Je passe ici rapidement sur les énormes lacunes quant aux potentiels petits votes entre amis ou carrément les conflits d’intérêts. Je ne préjuge de rien, mais une récompense perd forcément de sa valeur si le propriétaire de l’établissement récipiendaire est membre du CA de l’organisation, voire directement du jury.
Et puis il y a le nombre de restaurants à visiter. Pour être complètement partial, il faudrait que chaque juge visite et note l’intégralité des 18000 établissements du Québec chaque année. Évidemment impossible. Alors, ils et elles se partagent le travail, se fient certainement au bouche à oreille, à leurs réseaux et aux nombreuses listes déjà existantes, elles-mêmes fruit d’un jugement pré-établi.
Ce qui ne se mesure pas
Alors quelle serait la méthode idéale pour établir un classement juste et sans parti pris? Je ne sais pas, peut-être n’y en a-t-il pas et c’est sûrement une bonne nouvelle.
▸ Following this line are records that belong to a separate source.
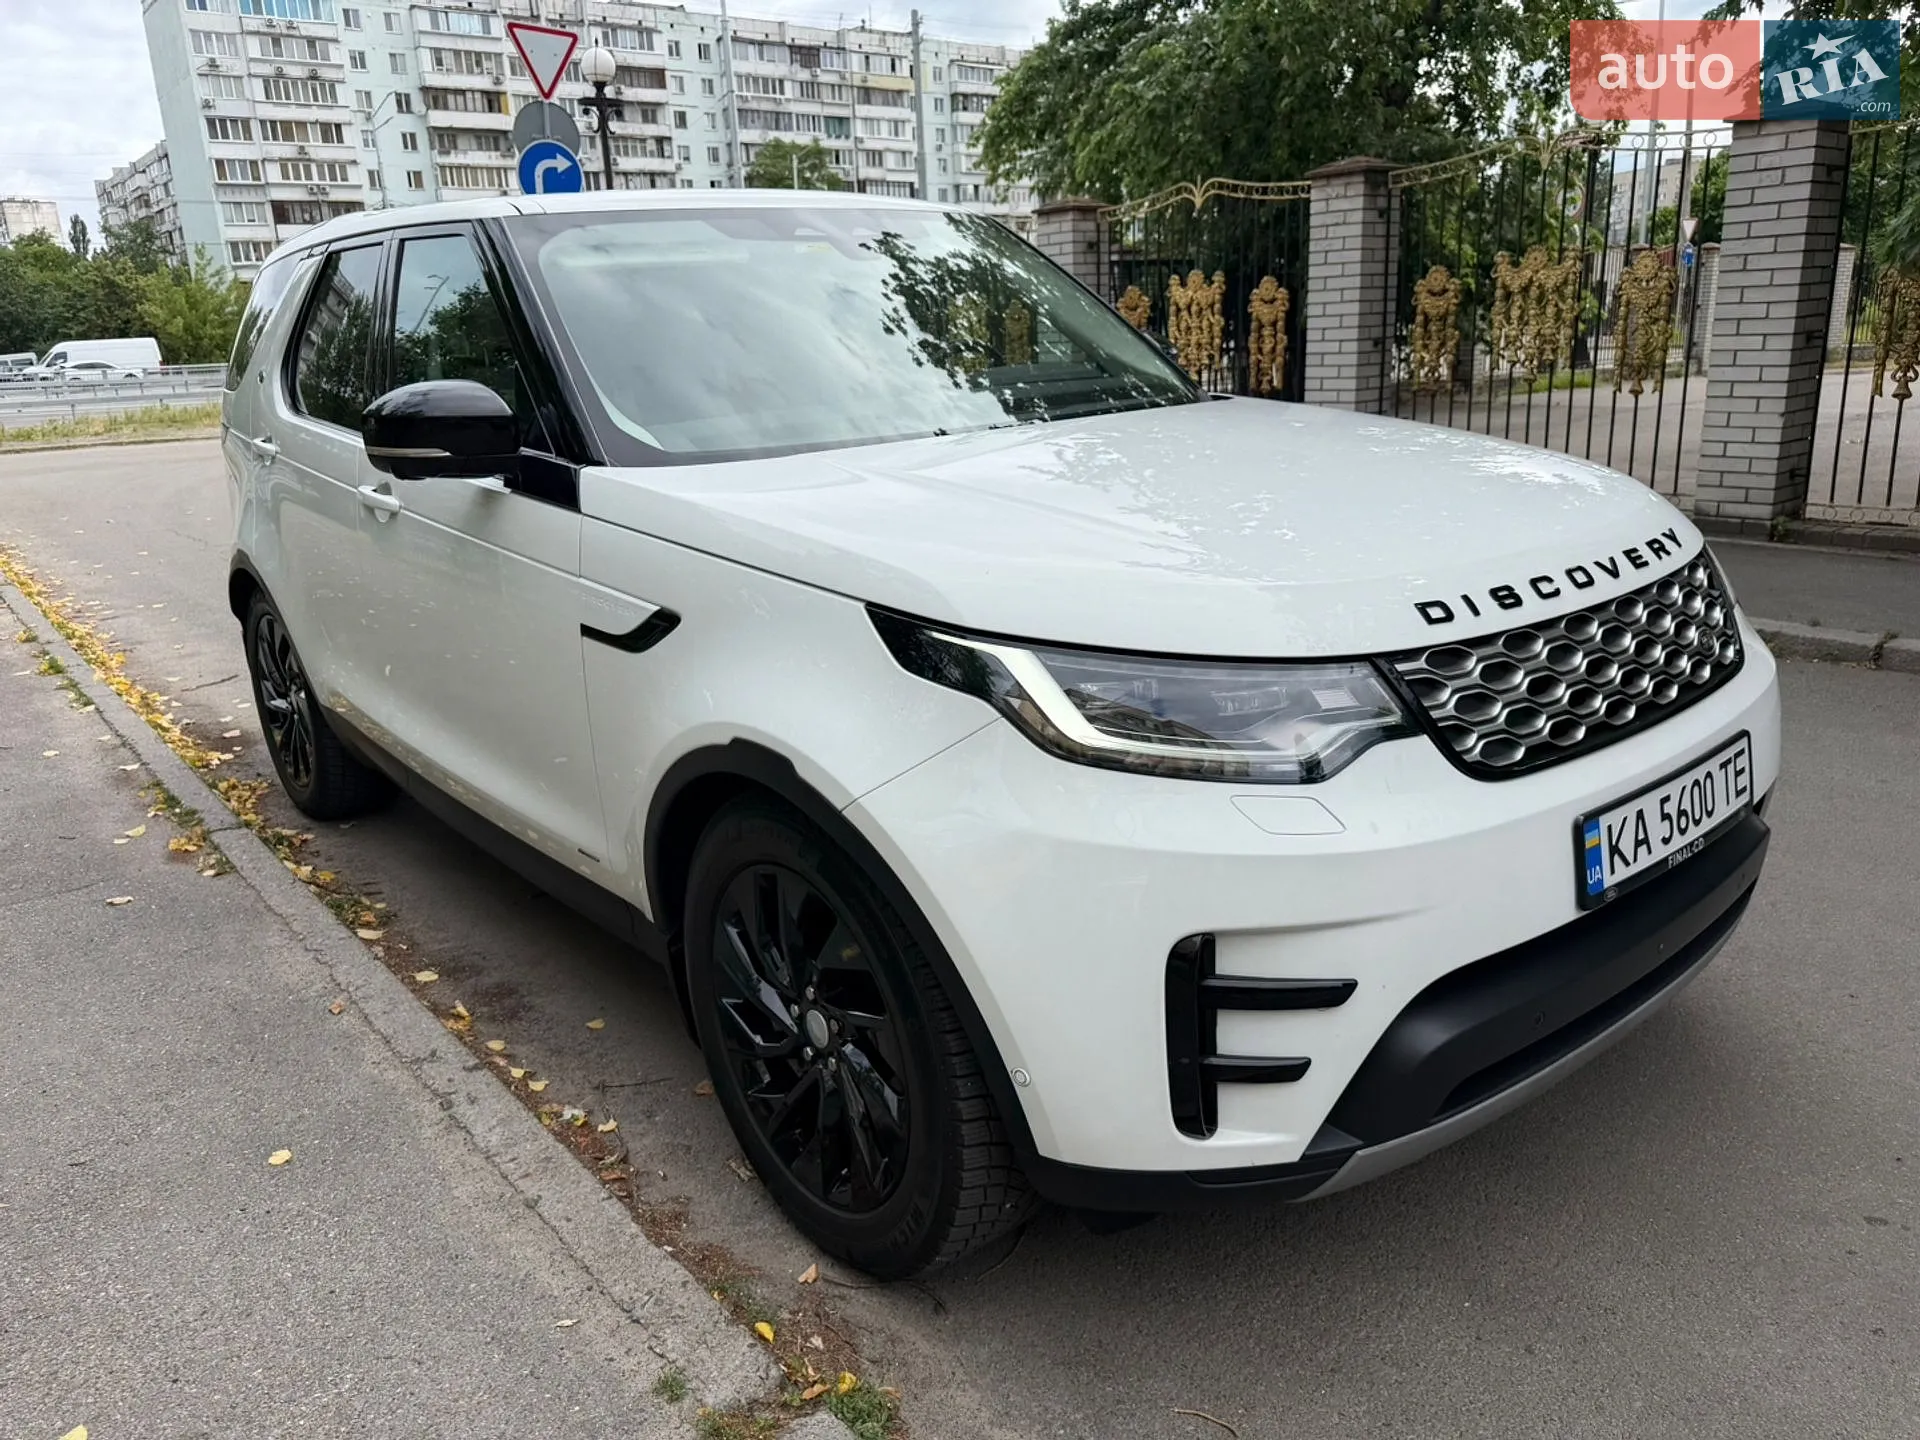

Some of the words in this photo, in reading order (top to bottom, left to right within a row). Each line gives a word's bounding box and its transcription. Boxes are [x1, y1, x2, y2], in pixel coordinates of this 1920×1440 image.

[1414, 528, 1683, 625] DISCOVERY
[1607, 808, 1652, 876] KA
[1659, 770, 1716, 846] 5600
[1719, 747, 1748, 806] TE
[1587, 865, 1602, 884] UA
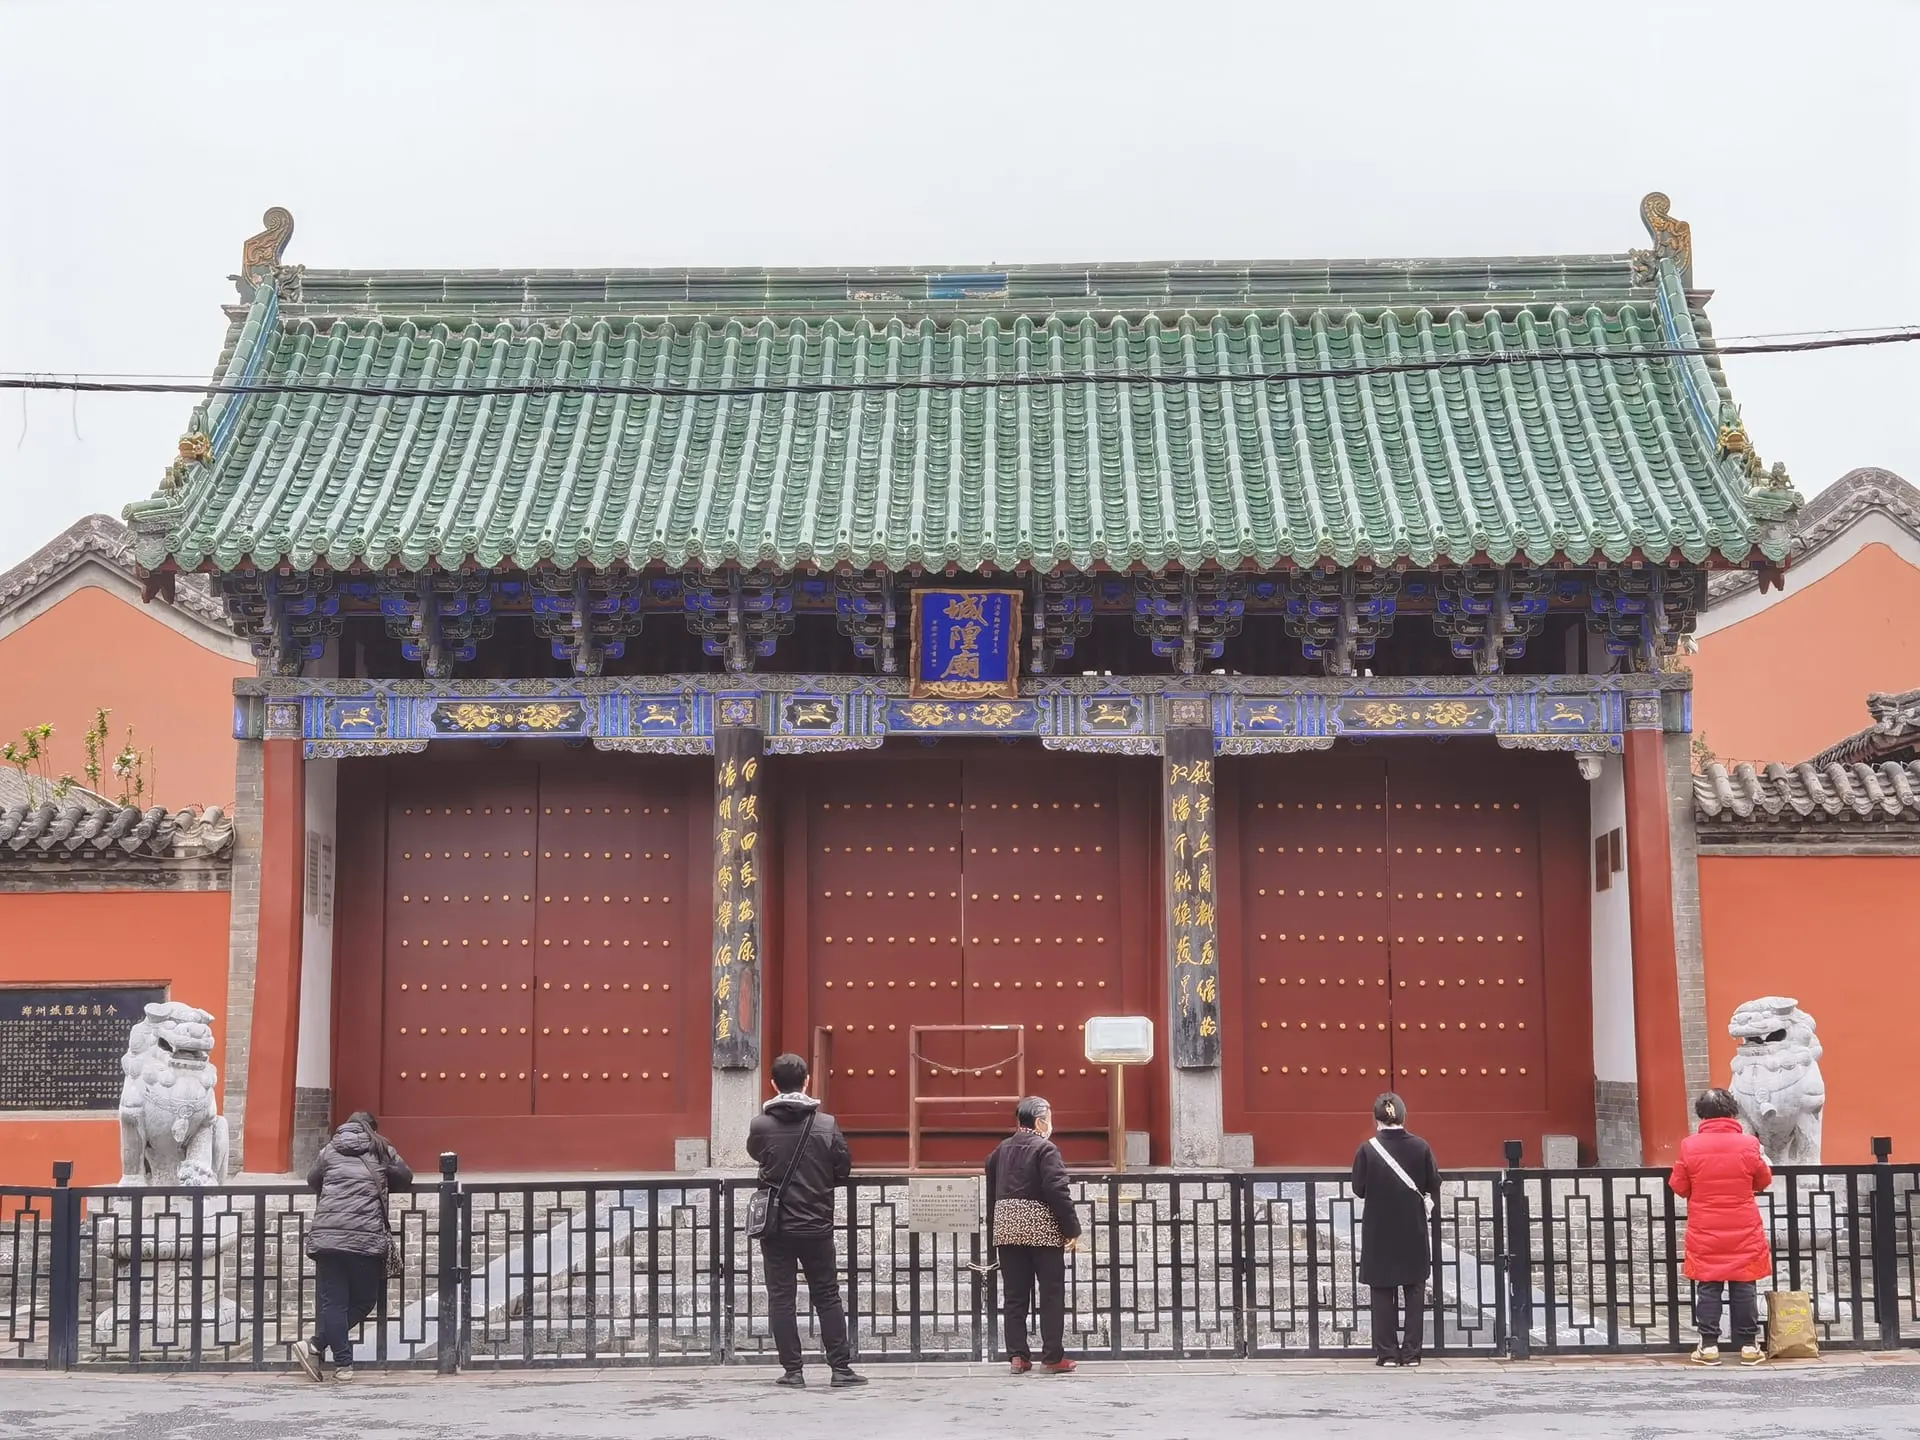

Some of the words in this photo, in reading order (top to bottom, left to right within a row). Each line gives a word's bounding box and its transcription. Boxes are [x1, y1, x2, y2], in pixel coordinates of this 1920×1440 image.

[21, 1004, 118, 1017] 郑州城隍庙简介
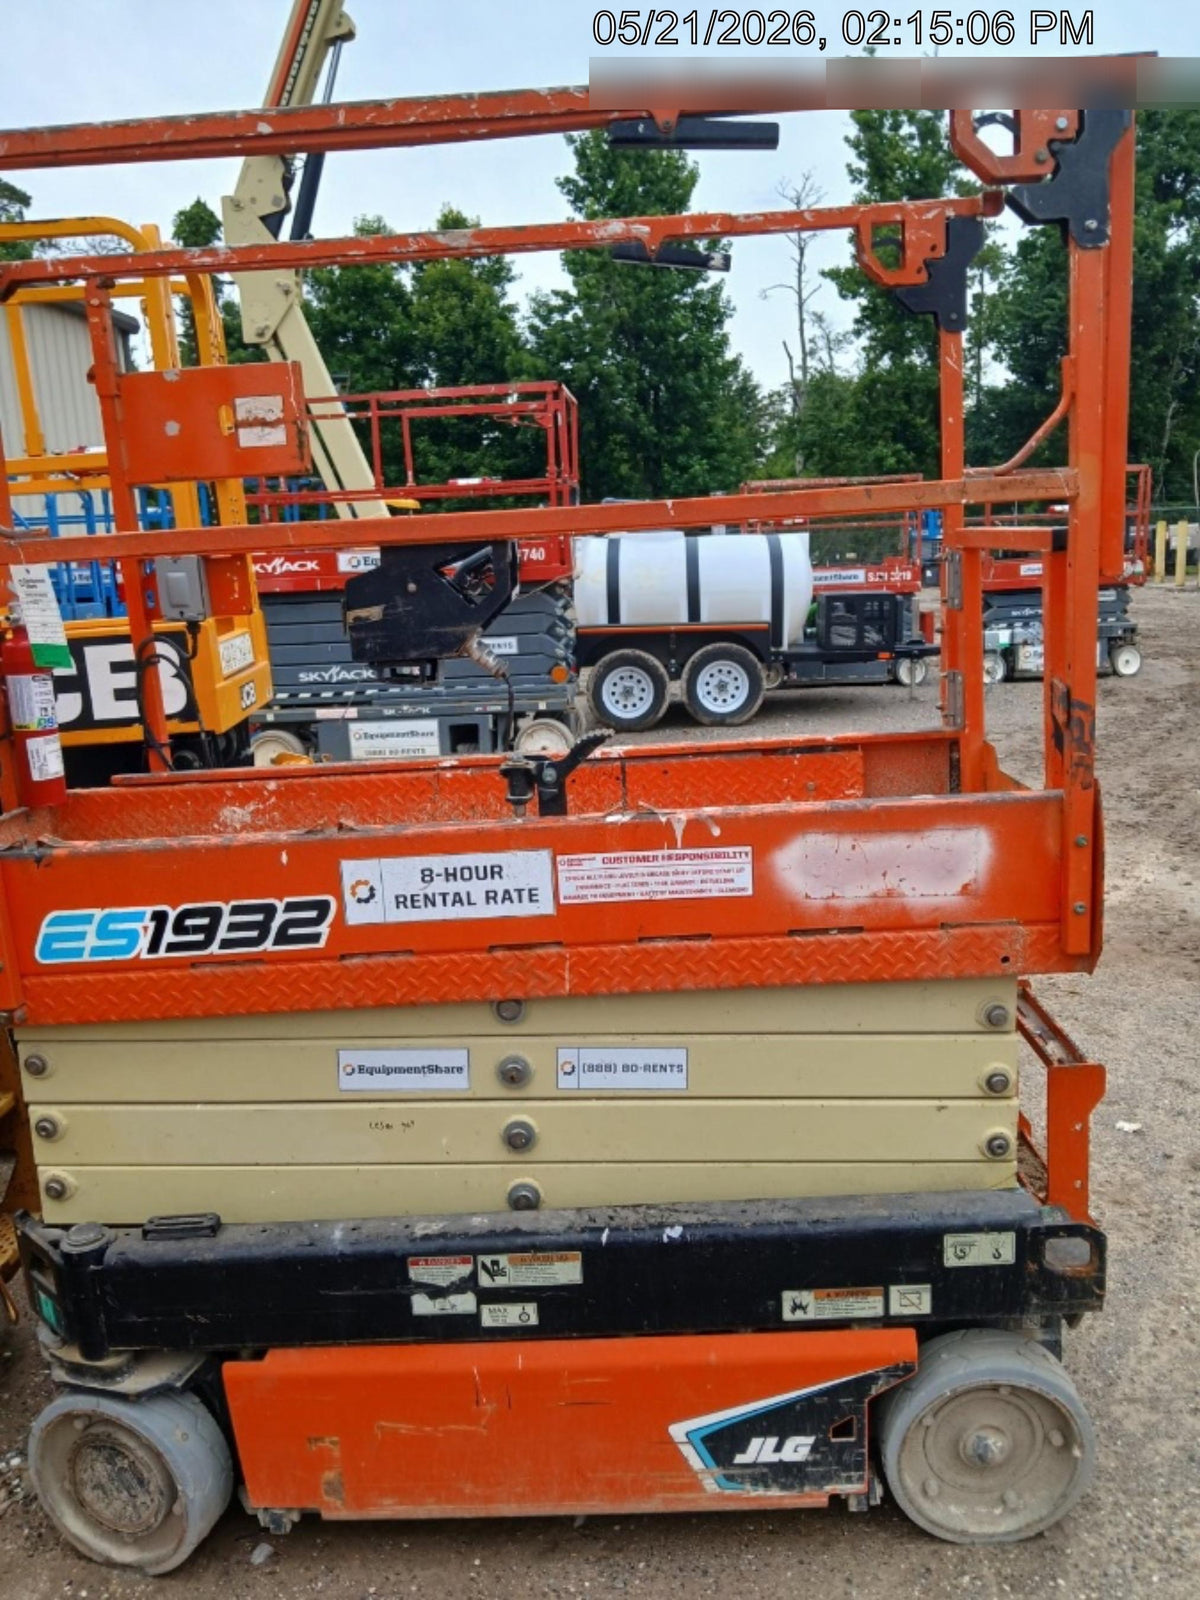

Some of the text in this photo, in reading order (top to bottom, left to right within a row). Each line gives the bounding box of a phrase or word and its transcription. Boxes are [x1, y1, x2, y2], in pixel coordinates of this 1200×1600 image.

[250, 556, 320, 575] KYJACK
[298, 665, 377, 683] SKYJACK
[602, 854, 658, 865] CUSTOMER
[661, 850, 749, 862] RESPONSIBILITY
[420, 864, 504, 884] 8-HOUR
[394, 891, 477, 910] RENTAL
[485, 887, 540, 905] RATE
[36, 895, 336, 964] ES1932
[357, 1064, 464, 1076] EquipmentShare
[582, 1062, 618, 1075] (888)
[733, 1435, 817, 1464] JLG
Car le secret d’un bon restaurant n’est ni dans l’assiette, ni dans le nombre de serveurs et encore moins dans la présence ou non de nappe blanche. C’est je pense dans la capacité de l’établissement à faire passer aux convives un moment spécial, à étonner, à rassurer, à cajoler, à créer des moments hors du temps.
Comment noter le plaisir d’un repas avec ses grands parents à la cabane à sucre qui sert des fèves aux lard beaucoup trop cuites?
Comment prendre en compte la poignée de main chaleureuse du patron qui salue ses habitués?
Comment récompenser la modeste cantine et sa poutine graisseuse qui est la meilleure de l’année, puisqu’elle annonce les vacances?
Le fantastique repas 8 services sera-t-il à classer dans vos bonnes expériences si vous vous êtes fâché ce soir là avec votre date?
Alors, prenons les listes et les récompenses avec recul, et apprécions les pour ce qu’elles sont vraiment : des repères, des encouragements, des données absolument subjectives.
Un restaurant titré n’est pas universellement meilleur qu’un autre. Il correspond à certains critères arbitraires interprétés subjectivement à un moment donné.
Mais soyez en sûrs, ça ne m’empêchera pas de me réjouir à l’annonce du restaurant de l’année et d’attendre avec excitation les étoiles, que j’espère très nombreuses!